Work required
Your answer should consist of the line holding "this 1920×1080 image." and all lines after it to the end of the material, copied exactly.

Segment Start: Provided data

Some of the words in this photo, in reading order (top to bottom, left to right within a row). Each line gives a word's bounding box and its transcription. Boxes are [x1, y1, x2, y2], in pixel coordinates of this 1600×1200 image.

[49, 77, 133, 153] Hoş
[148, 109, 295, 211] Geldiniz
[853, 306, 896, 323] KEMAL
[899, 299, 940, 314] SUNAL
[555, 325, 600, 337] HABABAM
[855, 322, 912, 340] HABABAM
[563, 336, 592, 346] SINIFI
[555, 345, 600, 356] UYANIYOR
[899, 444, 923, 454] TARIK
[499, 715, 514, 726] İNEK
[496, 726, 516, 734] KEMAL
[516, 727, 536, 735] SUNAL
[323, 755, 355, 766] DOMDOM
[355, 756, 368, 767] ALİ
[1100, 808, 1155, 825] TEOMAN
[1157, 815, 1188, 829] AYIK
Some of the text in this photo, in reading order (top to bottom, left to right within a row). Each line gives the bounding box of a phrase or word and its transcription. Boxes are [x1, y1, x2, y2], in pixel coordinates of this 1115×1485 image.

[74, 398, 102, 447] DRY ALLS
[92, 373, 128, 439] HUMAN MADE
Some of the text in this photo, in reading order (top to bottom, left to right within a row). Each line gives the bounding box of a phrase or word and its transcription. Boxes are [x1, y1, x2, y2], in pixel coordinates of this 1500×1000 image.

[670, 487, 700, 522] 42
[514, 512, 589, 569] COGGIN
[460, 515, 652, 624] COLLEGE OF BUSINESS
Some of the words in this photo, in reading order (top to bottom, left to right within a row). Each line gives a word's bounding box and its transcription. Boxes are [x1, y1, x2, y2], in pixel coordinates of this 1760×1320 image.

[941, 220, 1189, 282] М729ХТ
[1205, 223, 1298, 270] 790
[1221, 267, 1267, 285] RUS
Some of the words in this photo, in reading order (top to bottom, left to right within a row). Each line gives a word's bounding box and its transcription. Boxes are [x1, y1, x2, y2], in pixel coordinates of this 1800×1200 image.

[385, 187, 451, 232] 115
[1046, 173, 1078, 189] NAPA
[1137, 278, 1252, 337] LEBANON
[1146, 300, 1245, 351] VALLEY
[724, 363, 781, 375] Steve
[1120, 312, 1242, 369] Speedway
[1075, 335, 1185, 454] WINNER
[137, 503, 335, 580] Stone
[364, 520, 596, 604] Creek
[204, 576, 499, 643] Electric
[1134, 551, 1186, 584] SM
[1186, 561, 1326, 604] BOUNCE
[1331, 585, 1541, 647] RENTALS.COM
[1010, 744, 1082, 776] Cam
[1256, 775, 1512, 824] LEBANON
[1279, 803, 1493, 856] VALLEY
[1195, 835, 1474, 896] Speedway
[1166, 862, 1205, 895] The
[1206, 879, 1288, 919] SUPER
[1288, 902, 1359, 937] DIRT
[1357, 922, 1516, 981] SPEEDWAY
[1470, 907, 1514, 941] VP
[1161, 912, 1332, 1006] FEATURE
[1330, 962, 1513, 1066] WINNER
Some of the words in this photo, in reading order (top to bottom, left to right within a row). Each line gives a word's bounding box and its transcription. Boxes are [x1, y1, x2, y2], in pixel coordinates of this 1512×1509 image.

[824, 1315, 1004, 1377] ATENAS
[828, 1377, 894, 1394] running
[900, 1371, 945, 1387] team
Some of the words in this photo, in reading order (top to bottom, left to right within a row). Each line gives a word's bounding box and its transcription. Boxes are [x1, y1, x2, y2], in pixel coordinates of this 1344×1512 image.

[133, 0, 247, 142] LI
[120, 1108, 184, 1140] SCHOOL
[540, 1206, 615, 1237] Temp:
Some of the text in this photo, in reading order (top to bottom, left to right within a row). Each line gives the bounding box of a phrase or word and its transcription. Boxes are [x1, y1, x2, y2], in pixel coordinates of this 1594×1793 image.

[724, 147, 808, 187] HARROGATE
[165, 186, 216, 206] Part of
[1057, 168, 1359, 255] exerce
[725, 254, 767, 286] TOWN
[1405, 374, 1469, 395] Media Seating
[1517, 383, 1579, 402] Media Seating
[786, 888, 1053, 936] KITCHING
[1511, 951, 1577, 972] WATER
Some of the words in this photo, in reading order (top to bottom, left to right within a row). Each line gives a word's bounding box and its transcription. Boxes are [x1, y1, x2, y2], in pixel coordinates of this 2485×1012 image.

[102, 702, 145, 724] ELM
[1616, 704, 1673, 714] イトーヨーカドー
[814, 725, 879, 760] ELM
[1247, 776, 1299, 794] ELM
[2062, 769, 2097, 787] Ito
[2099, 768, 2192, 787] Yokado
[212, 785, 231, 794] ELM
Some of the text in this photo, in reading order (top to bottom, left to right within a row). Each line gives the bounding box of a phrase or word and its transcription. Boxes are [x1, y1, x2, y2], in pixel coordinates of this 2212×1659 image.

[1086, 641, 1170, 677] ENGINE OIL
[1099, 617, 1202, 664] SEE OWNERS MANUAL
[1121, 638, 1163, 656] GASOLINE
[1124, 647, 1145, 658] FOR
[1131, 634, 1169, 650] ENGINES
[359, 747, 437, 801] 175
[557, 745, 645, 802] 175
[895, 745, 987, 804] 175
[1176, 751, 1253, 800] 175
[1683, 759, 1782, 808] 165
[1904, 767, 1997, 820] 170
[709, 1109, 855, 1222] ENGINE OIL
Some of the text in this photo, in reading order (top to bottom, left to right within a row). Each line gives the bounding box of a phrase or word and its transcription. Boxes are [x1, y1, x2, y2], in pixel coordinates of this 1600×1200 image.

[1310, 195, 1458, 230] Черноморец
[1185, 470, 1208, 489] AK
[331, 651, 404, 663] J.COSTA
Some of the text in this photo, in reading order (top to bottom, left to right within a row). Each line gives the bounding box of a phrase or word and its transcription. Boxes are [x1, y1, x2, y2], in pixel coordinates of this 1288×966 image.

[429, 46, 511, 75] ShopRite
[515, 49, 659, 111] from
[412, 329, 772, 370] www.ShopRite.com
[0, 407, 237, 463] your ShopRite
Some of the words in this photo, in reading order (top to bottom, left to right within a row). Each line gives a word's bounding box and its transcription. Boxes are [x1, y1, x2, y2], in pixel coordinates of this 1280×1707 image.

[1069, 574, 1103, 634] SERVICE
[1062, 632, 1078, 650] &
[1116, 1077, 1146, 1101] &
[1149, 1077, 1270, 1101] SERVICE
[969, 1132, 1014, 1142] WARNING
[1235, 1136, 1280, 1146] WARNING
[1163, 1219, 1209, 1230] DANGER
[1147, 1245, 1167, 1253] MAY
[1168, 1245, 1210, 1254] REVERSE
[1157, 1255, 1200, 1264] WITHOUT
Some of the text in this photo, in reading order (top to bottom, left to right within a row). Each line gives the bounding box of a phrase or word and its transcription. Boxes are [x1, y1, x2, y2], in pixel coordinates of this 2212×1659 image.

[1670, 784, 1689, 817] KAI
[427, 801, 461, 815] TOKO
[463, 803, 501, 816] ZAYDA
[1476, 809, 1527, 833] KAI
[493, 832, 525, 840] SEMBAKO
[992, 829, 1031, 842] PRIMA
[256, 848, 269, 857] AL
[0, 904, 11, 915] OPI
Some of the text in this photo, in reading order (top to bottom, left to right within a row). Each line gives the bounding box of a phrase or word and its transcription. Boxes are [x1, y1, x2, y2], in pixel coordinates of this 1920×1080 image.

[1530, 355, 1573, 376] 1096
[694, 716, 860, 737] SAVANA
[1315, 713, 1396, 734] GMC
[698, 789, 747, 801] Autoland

Segment End: Provided data

Problem solution
Some of the text in this photo, in reading order (top to bottom, left to right within a row). Each line gives the bounding box of a phrase or word and its transcription. Boxes are [x1, y1, x2, y2], in pixel coordinates of this 1920×1080 image.

[1530, 355, 1573, 376] 1096
[694, 716, 860, 737] SAVANA
[1315, 713, 1396, 734] GMC
[698, 789, 747, 801] Autoland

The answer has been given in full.